## Task to carry out:
Every entry must be output exactly as it is written.

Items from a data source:

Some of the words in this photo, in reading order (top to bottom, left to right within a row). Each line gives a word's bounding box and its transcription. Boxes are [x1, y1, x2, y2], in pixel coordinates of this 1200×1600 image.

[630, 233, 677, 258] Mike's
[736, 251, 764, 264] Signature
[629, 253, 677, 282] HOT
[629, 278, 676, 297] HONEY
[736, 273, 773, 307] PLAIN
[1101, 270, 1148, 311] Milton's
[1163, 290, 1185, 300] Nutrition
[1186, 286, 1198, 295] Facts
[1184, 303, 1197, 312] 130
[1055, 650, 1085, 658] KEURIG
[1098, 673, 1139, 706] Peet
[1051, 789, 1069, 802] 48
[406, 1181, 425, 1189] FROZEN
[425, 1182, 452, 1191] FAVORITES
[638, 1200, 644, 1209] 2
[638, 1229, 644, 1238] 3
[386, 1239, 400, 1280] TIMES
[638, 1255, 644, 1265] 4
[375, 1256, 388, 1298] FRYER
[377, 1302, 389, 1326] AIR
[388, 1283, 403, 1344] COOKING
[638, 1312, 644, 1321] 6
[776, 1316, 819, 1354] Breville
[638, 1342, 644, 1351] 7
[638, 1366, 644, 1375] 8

## Response:
Some of the words in this photo, in reading order (top to bottom, left to right within a row). Each line gives a word's bounding box and its transcription. Boxes are [x1, y1, x2, y2], in pixel coordinates of this 1200×1600 image.

[630, 233, 677, 258] Mike's
[736, 251, 764, 264] Signature
[629, 253, 677, 282] HOT
[629, 278, 676, 297] HONEY
[736, 273, 773, 307] PLAIN
[1101, 270, 1148, 311] Milton's
[1163, 290, 1185, 300] Nutrition
[1186, 286, 1198, 295] Facts
[1184, 303, 1197, 312] 130
[1055, 650, 1085, 658] KEURIG
[1098, 673, 1139, 706] Peet
[1051, 789, 1069, 802] 48
[406, 1181, 425, 1189] FROZEN
[425, 1182, 452, 1191] FAVORITES
[638, 1200, 644, 1209] 2
[638, 1229, 644, 1238] 3
[386, 1239, 400, 1280] TIMES
[638, 1255, 644, 1265] 4
[375, 1256, 388, 1298] FRYER
[377, 1302, 389, 1326] AIR
[388, 1283, 403, 1344] COOKING
[638, 1312, 644, 1321] 6
[776, 1316, 819, 1354] Breville
[638, 1342, 644, 1351] 7
[638, 1366, 644, 1375] 8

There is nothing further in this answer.